** The task **
Your answer should be the records, copied exactly, with the pictures removed.

** Items from a data source **
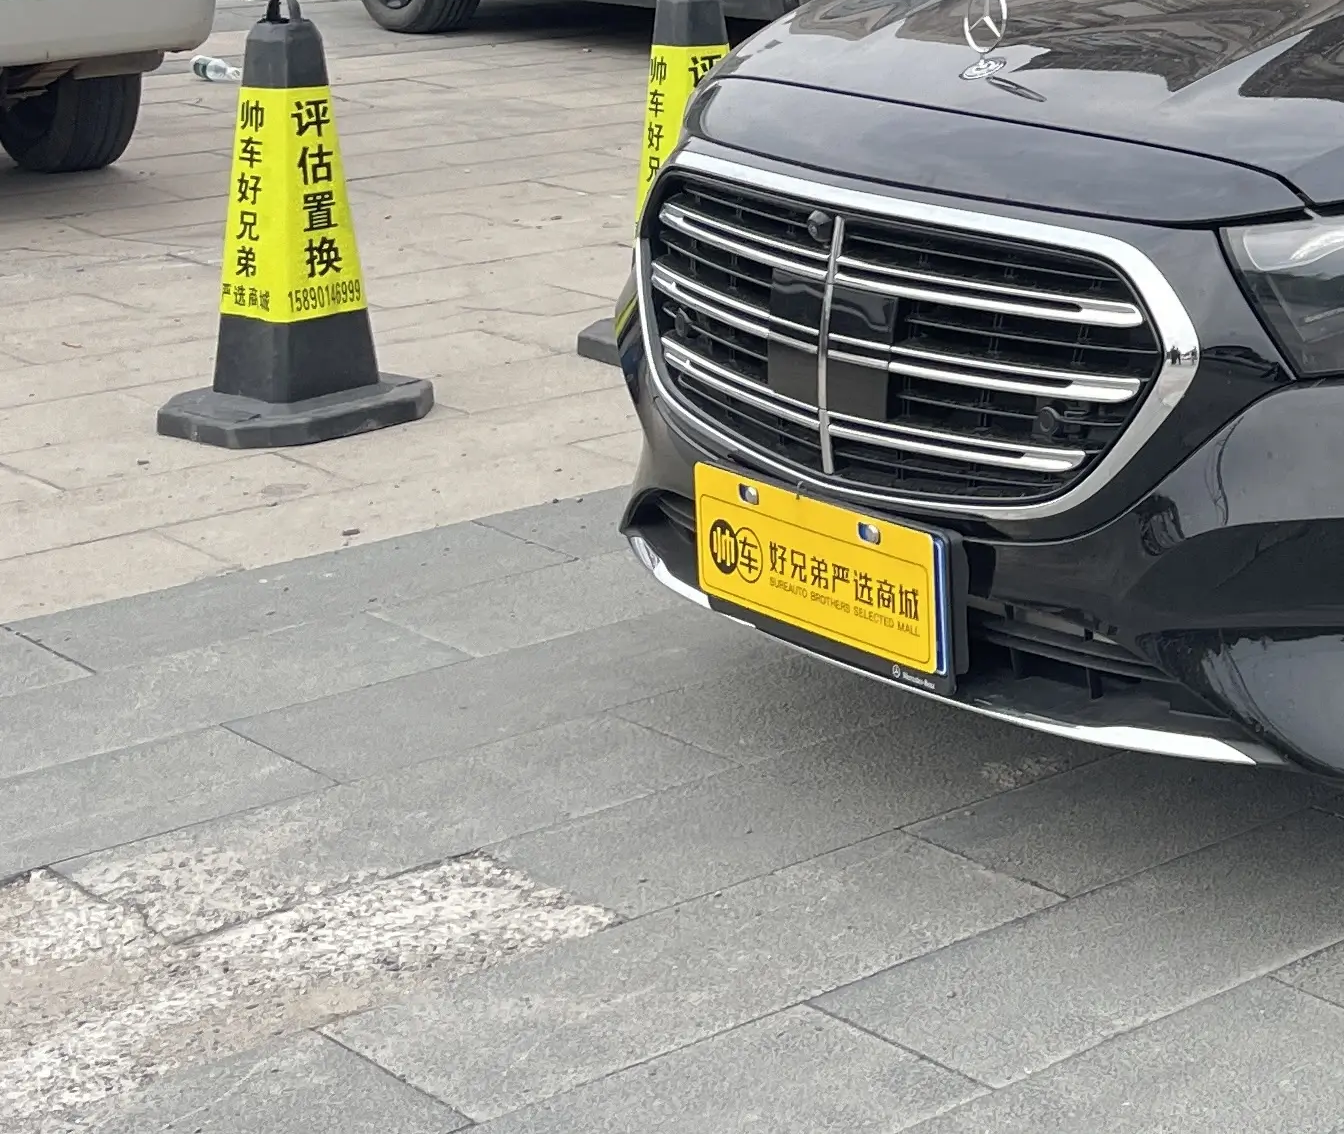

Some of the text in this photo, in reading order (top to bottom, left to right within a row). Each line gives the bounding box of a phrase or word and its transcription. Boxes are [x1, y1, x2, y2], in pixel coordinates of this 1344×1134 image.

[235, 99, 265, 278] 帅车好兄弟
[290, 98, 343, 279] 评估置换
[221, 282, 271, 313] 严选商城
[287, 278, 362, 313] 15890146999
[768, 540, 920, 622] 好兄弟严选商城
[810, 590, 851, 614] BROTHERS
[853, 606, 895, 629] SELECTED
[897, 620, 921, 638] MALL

** Output **
Some of the text in this photo, in reading order (top to bottom, left to right within a row). Each line gives the bounding box of a phrase or word and its transcription. Boxes are [x1, y1, x2, y2], in pixel coordinates of this 1344×1134 image.

[235, 99, 265, 278] 帅车好兄弟
[290, 98, 343, 279] 评估置换
[221, 282, 271, 313] 严选商城
[287, 278, 362, 313] 15890146999
[768, 540, 920, 622] 好兄弟严选商城
[810, 590, 851, 614] BROTHERS
[853, 606, 895, 629] SELECTED
[897, 620, 921, 638] MALL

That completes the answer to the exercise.